How does it feel to be back in rehearsals?
It’s hard! You forget how much it takes physically and mentally to kind of do something like this. We’re not open yet, but we’re in rehearsals at the moment and going through the process… we’ve had such a long break, so it almost feels very new. We’re re-learning this material and we’re finding new ways to kind of deliver a line and to explore our characters. And that’s a really nice thing because it feels really fresh. When you’ve done a show for a long time, especially a long running show, sometimes you have this… Well, you fall into like a kind of pattern. It becomes kind of repetitive, almost robotic maybe, and so having such a long break allows you to kind of come back with fresh eyes, fresh ears, fresh mind. And you get to rediscover your character and learn new things about your character that you may not have thought of that before. So very excited to be back and can’t wait to open.

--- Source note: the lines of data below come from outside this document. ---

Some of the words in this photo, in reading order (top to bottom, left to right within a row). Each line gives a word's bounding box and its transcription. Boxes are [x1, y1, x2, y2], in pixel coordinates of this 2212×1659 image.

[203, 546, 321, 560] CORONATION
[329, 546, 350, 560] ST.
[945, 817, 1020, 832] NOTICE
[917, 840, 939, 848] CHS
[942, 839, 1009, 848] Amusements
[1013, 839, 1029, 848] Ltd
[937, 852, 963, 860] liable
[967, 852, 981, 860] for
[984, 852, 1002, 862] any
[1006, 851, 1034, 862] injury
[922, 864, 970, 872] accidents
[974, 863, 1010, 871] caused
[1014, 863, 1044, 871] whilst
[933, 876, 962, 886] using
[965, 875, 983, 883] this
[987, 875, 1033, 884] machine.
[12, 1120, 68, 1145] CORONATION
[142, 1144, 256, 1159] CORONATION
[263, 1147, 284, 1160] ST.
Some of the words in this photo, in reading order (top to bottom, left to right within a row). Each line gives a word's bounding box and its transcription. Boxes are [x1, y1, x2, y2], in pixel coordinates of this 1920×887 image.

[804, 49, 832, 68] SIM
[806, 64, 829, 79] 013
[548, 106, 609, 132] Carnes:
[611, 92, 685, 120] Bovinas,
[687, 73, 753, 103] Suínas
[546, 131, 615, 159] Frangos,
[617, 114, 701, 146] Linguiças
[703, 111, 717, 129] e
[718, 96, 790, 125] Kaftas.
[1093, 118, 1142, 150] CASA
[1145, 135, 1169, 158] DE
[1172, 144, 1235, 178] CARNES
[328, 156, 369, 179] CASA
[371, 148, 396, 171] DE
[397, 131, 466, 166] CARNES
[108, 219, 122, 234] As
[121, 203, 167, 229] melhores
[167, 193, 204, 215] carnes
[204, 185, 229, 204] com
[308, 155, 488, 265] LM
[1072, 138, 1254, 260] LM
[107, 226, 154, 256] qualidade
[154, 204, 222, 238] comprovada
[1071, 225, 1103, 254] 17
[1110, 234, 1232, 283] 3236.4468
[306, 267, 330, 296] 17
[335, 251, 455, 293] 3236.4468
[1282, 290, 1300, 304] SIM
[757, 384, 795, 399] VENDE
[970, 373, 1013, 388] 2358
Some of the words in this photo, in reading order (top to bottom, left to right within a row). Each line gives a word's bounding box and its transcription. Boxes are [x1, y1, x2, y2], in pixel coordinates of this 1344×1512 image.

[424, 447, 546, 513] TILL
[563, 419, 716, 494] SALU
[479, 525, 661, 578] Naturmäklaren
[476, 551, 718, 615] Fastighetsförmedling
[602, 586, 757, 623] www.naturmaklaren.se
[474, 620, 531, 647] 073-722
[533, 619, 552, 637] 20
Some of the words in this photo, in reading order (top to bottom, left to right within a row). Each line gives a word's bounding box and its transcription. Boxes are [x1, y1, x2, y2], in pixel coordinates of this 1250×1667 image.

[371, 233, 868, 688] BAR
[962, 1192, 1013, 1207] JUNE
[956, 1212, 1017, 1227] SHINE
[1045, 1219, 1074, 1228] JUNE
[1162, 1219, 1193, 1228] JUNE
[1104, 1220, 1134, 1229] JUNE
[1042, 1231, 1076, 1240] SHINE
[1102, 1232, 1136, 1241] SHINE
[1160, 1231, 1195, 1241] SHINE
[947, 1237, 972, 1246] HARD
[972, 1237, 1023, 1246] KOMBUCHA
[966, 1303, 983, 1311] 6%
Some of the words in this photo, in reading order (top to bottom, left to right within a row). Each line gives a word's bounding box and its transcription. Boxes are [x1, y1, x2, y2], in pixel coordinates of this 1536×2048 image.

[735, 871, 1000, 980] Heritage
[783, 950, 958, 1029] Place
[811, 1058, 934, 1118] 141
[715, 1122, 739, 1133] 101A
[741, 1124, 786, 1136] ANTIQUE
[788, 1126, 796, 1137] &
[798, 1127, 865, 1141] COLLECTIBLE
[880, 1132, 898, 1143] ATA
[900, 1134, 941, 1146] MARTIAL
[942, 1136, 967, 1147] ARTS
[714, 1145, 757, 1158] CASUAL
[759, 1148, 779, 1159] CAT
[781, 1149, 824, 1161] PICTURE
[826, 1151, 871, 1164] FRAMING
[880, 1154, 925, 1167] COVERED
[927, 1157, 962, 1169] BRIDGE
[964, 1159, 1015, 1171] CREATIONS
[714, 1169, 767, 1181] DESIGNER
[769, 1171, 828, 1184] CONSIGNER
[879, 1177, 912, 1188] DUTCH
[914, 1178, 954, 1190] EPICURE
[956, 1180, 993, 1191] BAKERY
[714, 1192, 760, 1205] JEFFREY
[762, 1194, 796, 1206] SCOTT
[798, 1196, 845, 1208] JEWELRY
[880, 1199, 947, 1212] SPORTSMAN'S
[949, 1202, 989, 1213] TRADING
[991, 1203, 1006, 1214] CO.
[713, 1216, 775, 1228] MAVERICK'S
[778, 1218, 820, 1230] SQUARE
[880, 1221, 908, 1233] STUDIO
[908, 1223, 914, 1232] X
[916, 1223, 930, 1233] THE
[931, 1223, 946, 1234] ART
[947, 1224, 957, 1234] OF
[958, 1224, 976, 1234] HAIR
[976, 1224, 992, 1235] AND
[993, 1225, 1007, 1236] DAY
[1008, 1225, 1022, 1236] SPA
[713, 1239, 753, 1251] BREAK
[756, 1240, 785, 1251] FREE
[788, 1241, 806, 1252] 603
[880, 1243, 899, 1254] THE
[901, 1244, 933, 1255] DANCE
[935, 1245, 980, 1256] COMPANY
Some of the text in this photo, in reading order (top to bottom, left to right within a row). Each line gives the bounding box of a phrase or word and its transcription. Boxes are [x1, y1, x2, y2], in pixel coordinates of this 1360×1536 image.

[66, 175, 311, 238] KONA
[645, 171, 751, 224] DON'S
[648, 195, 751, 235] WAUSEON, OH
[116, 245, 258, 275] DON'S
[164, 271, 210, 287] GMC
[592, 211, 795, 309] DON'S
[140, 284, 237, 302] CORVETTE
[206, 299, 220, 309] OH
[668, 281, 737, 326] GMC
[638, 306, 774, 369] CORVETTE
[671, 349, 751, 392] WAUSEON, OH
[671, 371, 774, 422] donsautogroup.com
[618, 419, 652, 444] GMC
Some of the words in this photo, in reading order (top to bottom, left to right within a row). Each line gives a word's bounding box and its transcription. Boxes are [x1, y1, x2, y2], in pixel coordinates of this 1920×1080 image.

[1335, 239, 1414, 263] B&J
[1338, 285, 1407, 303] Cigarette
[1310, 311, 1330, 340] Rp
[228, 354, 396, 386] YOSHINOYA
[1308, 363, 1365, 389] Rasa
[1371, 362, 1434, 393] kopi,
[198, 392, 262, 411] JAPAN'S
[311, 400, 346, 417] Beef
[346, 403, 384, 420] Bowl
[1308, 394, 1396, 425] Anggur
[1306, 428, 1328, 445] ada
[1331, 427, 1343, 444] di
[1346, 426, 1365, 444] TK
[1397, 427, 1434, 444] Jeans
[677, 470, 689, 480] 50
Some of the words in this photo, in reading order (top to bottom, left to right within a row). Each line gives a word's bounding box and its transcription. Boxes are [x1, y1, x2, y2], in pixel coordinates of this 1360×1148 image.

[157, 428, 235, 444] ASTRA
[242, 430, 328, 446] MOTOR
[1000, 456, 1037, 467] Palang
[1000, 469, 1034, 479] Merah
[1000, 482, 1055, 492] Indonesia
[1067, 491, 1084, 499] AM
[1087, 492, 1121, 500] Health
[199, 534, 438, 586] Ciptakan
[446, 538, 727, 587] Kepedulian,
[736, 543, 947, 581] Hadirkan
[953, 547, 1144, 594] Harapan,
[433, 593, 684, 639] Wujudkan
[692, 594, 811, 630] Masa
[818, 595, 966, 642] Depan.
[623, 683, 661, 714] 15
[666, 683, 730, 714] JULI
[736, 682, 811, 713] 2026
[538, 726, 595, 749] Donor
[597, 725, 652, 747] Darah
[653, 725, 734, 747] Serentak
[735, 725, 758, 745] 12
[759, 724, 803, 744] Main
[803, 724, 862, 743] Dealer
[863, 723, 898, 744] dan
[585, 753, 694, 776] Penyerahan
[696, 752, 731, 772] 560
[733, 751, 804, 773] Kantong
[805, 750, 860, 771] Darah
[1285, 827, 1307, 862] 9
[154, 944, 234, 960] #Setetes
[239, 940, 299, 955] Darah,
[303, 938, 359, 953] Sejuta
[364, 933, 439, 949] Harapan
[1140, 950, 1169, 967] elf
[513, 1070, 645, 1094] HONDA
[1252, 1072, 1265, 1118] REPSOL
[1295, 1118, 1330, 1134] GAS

What’s the number one thing you miss about like live performance?
I think just the feeling of giving. When we get on stage, you can see the reaction from people. And I get messages and cards and pictures. That feeling of giving part of yourself to people to have some sort of positive impact, even if it’s just for that day or just for that moment. I missed that element of giving. I’ve been blessed with a gift and I think I get the most pleasure out of my gift when it’s shared and given over. Seeing how that affects people and makes them feel, that’s what I missed the most about it.